The financings provided much-needed capital by effectively issuing equity at a premium, with the October CB providing long-dated debt. The journey was so fast it required an unconventional means of selling stock to take out the initial CB issued in January.

Lead-left bookrunner UBS priced the CB on an overnight basis at a 2% coupon and 22.5% conversion premium, the midpoint of talk, following a two-day wall-cross. Simultaneously, the bank raised US$161.6m from a registered direct sale of stock that was used to repurchase at a premium US$50m principal of the 4.25% CB issued in January.

“The registered direct offering was a solution to give investors freely tradable stock within the legal constraints we were facing,” said Steve Studnicky, co-head of Americas ECM at UBS. 

Put simply, the 4.25% CB was unseasoned and therefore any stock given as consideration to repurchase the bonds would also be unseasoned, limiting investors’ ability to sell on the open market.

That was a repeat of what AST did in July when it issued a US$575m 2.375% CB and repurchased US$360m principal of the 4.25% paper at a steep premium with proceeds from an RDO.
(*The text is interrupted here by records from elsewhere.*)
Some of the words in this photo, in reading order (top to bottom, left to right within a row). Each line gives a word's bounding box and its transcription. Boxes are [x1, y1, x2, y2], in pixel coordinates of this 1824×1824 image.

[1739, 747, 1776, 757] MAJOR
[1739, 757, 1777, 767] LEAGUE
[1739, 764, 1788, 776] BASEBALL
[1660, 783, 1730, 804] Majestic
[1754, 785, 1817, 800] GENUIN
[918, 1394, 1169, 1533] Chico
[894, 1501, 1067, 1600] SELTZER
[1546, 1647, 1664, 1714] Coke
The refreshed capital structure has US$50m of the 4.25% notes maturing in January 2032 that are convertible at US$26.99, US$575m of the 2.375% notes maturing in October 2032 that are convertible at US$72.07 and US$1.15bn 2% notes maturing in January 2036 that are convertible at US$96.29.

In addition to the CBs, AST raised US$675m from the sale of 19m shares through at-the-market stock sales in the first nine months of 2025.

AST entered 2025 with a US$6.3bn market capitalisation and by late November it was three times that – obviously not entirely due to capital markets but not possible without innovative ECM financing.

“Being able to fund it with equity meant we could maximise proceeds in the offering and not consume our valuable cash,” said AST president and chief strategy officer Scott Wisniewski. 

The 10.25-year tenor is the longest for 11 years – and all the rarer as an overnight deal – quite a feat for a low-revenue, lossmaking company and a necessity after it signed a decade-long Middle East service contract.

“We view ourselves as an infrastructure company,” Wisniewski said. “Similar to what you see in [mobile] towers or AI data centres. We wanted long-term capital to match the duration of contracts we have signed.

“This is usually something you see in the investment-grade bond market.”